Enantioselective Synthesis of Aza-Flavanones with an All-Carbon Quaternary Stereocenter via NHC-Catalyzed Intramolecular Annulation

Izabela Barańska; Michał Słotwiński; Tadeusz Muzioł; Zbigniew Rafiński

doi:10.1021/acsomega.3c05064

Enantioselective Synthesis of Aza-Flavanones with an All-Carbon Quaternary Stereocenter via NHC-Catalyzed Intramolecular Annulation

ACS Omega. 2023 Oct 30;8(44):41480-41484. doi: 10.1021/acsomega.3c05064. eCollection 2023 Nov 7.

Authors

Izabela Barańska¹, Michał Słotwiński¹, Tadeusz Muzioł¹, Zbigniew Rafiński¹

Affiliation

¹ Faculty of Chemistry, Nicolaus Copernicus University in Torun, 7 Gagarin Street, 87-100 Torun, Poland.

Abstract

An enantioselective synthesis of functionalized aza-flavanone derivatives using the N-heterocyclic carbene-catalyzed intramolecular Stetter reaction of sulphoamido benzaldehydes has been reported.
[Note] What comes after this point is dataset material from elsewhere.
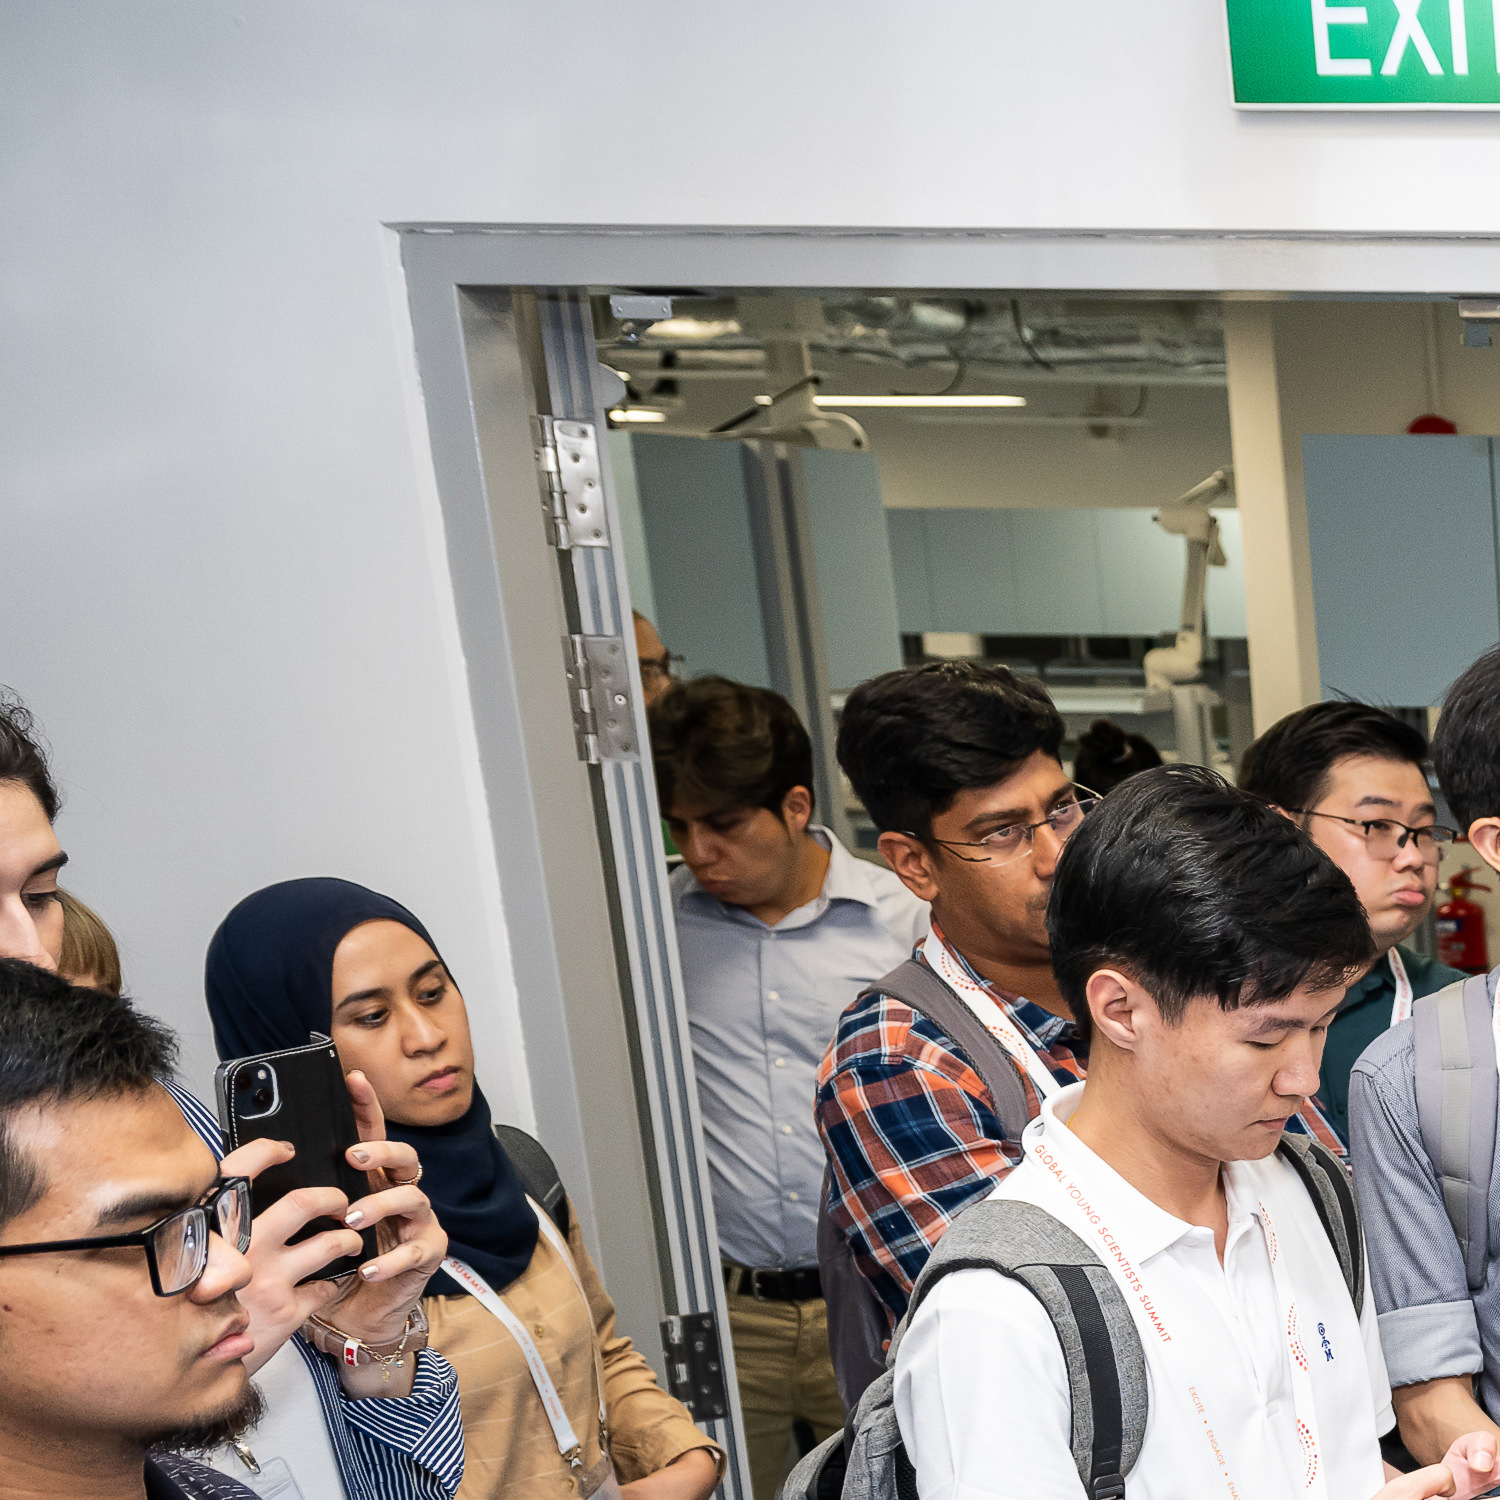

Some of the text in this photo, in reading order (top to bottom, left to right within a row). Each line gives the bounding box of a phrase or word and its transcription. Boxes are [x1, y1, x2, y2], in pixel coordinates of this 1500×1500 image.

This procedure presents the first original approach for synthesizing chiral functionalized flavonoids at the 3-position, containing an all-carbon quaternary stereogenic center. This advancement significantly enriches the chemical toolbox for the preparation of complex nitrogen-containing compounds and opens up new avenues for further research and development in synthetic organic chemistry.